[DATASET CONTENT]

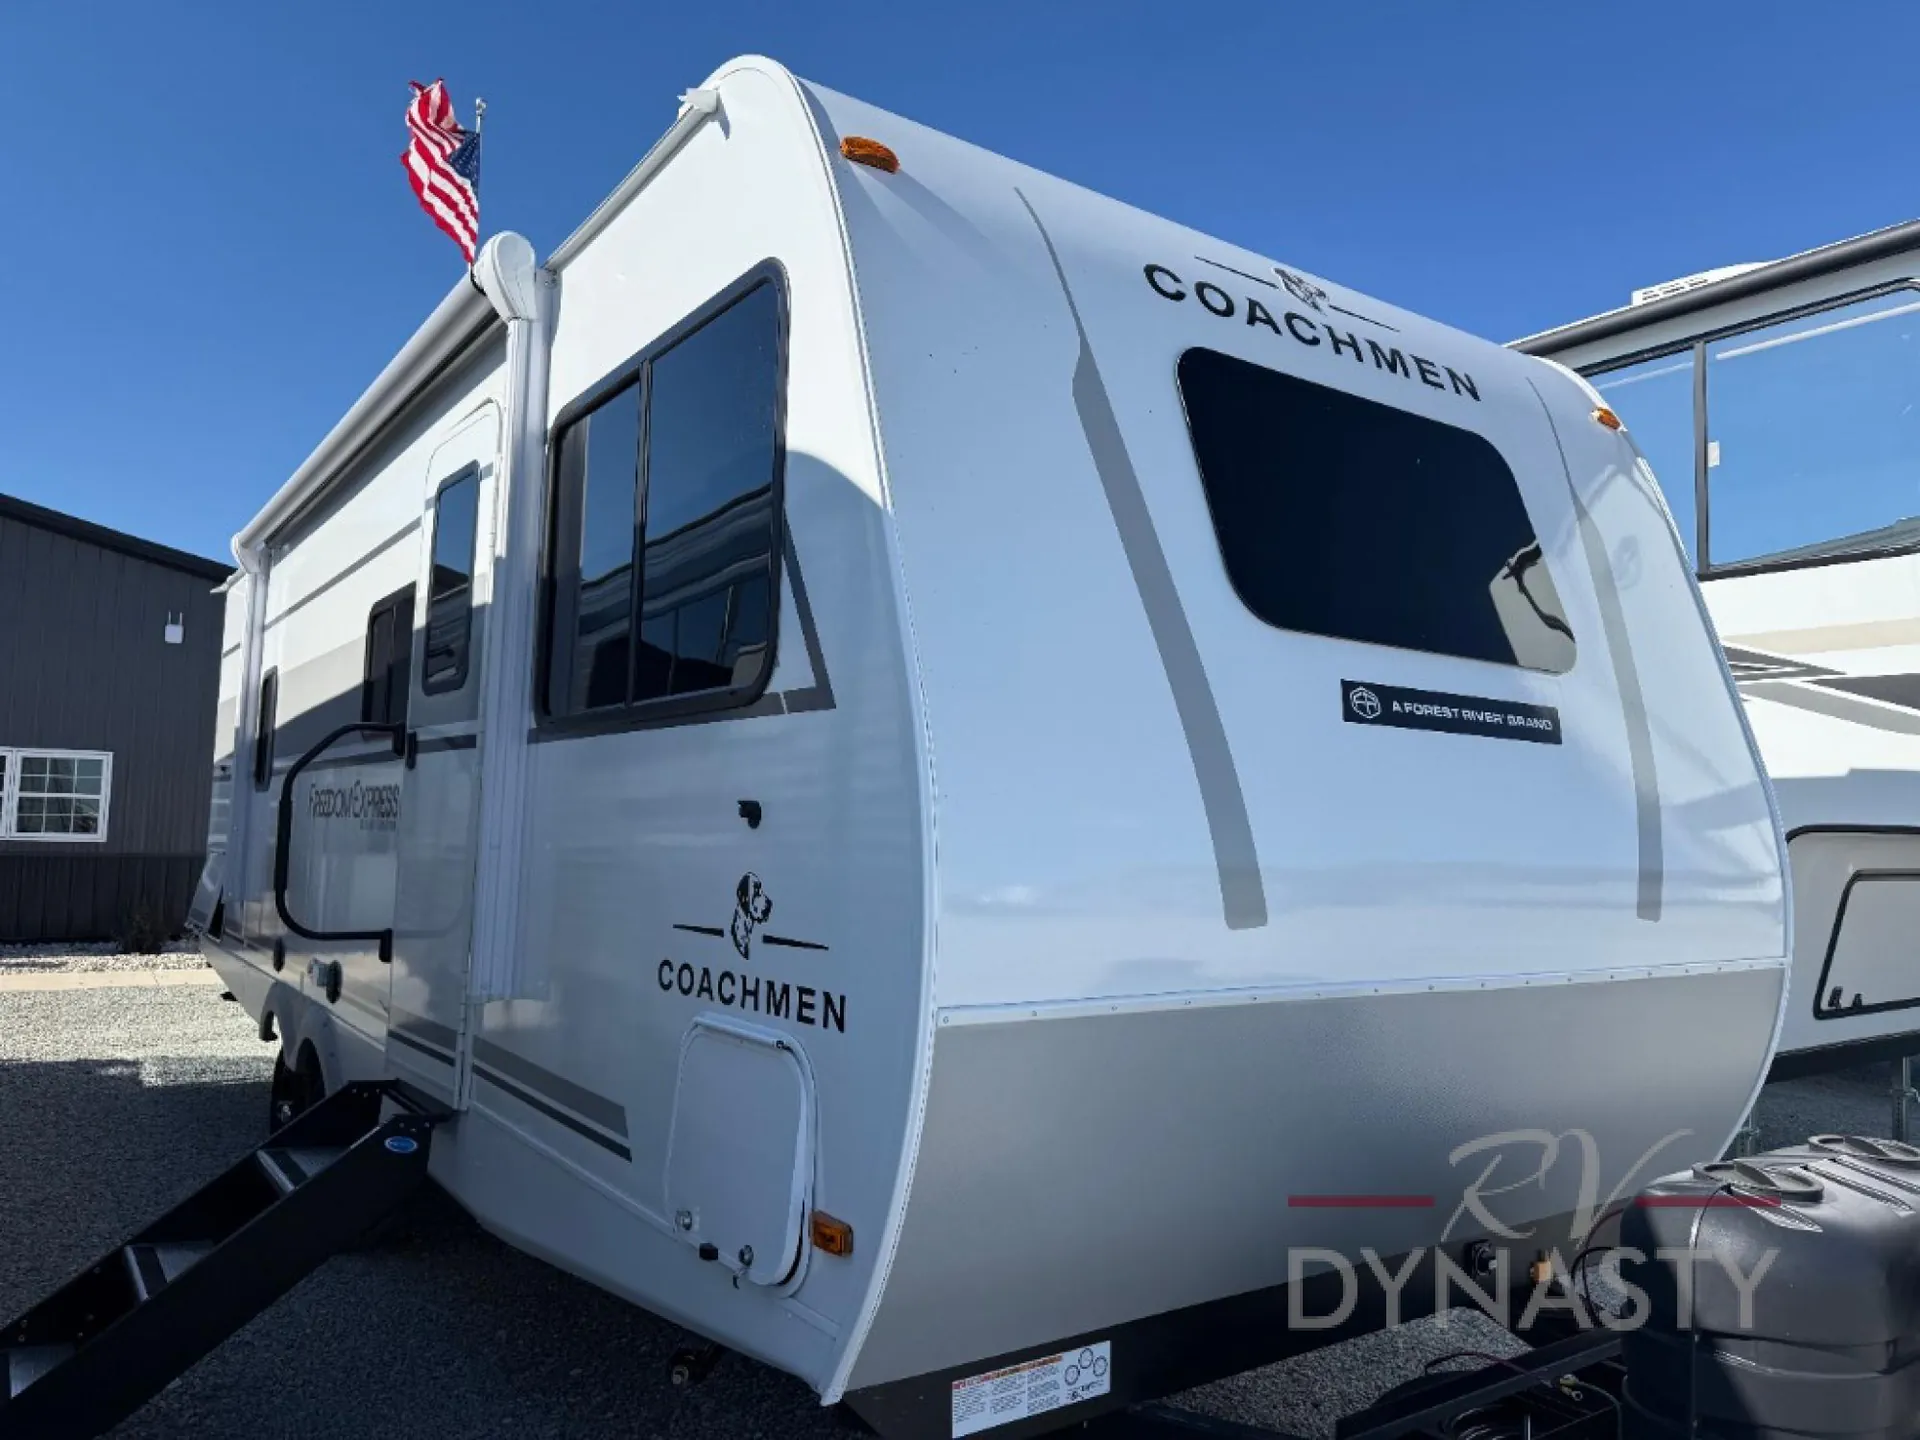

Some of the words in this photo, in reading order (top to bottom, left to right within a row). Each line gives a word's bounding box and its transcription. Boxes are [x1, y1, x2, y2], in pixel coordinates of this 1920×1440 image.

[1143, 263, 1482, 402] COACHMEN
[1392, 700, 1403, 713] A
[1405, 703, 1459, 719] FOREST
[1462, 709, 1503, 725] RIVER
[1507, 716, 1553, 731] BRAND
[657, 959, 847, 1034] COACHMEN
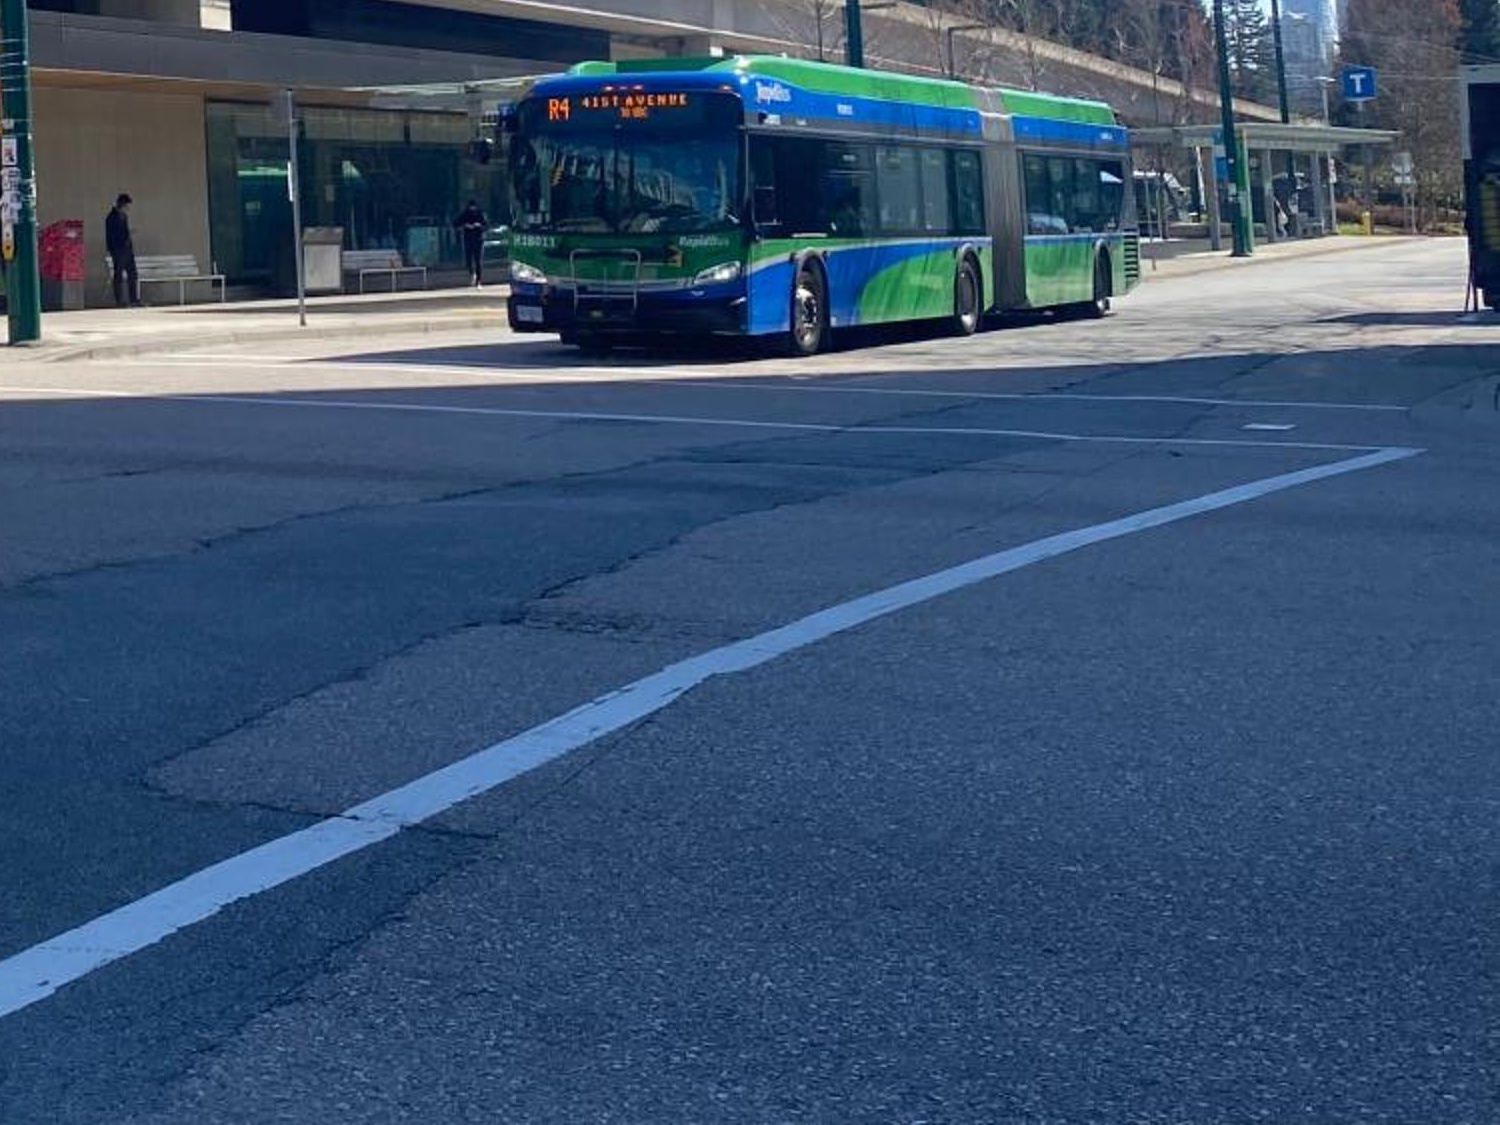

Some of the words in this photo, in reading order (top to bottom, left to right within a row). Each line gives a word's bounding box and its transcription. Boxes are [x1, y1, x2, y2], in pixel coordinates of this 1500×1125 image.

[1349, 74, 1366, 93] T
[549, 93, 570, 121] R4
[581, 96, 618, 108] 41ST
[625, 93, 687, 107] AVENUE
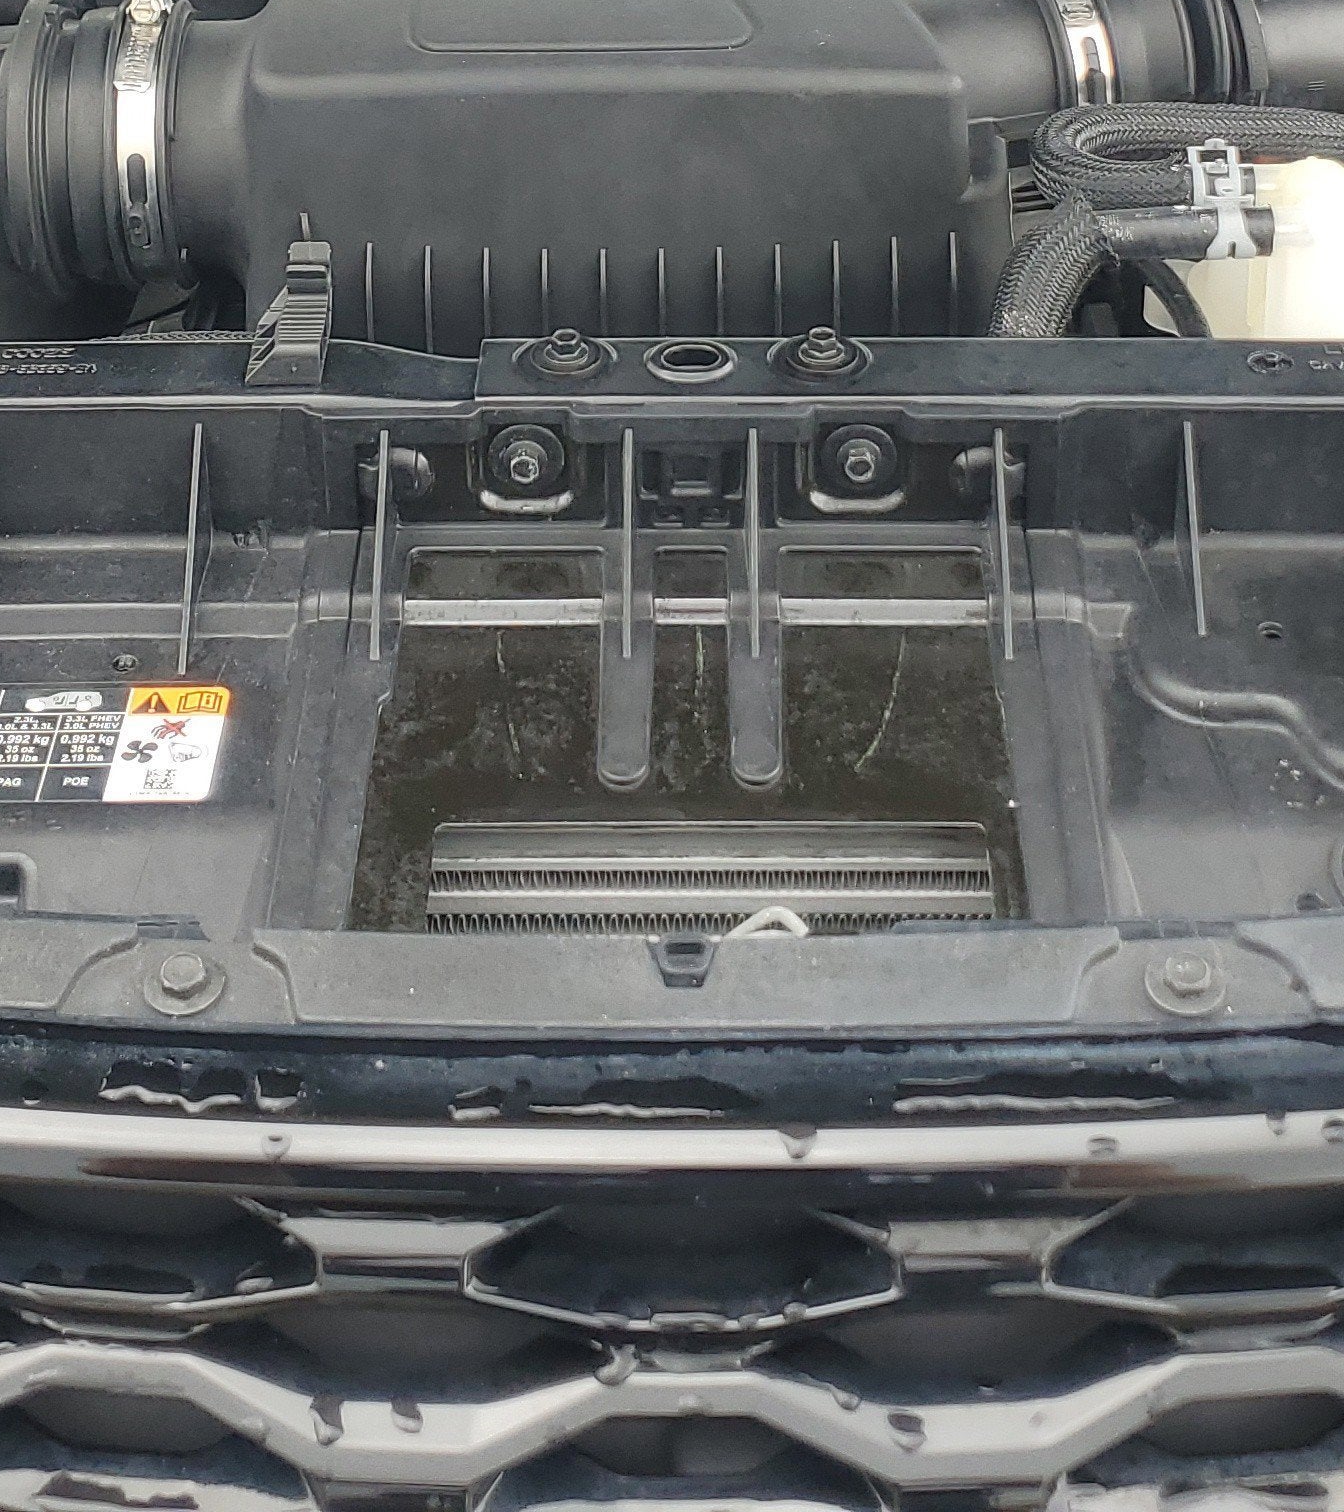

[/DATASET CONTENT]

● EXERCISE AIM:
Your output must match the records word for word, apart from the images, which are left out.

● WORKED SOLUTION:
Some of the words in this photo, in reading order (top to bottom, left to right within a row). Each line gives a word's bounding box and its transcription. Boxes are [x1, y1, x2, y2], in pixel coordinates of this 1920×1440 image.

[1143, 263, 1482, 402] COACHMEN
[1392, 700, 1403, 713] A
[1405, 703, 1459, 719] FOREST
[1462, 709, 1503, 725] RIVER
[1507, 716, 1553, 731] BRAND
[657, 959, 847, 1034] COACHMEN

Some of the words in this photo, in reading order (top to bottom, left to right within a row). Each line gives a word's bounding box and its transcription. Boxes are [x1, y1, x2, y2], in pixel coordinates of this 1500×1125 image.

[1349, 74, 1366, 93] T
[549, 93, 570, 121] R4
[581, 96, 618, 108] 41ST
[625, 93, 687, 107] AVENUE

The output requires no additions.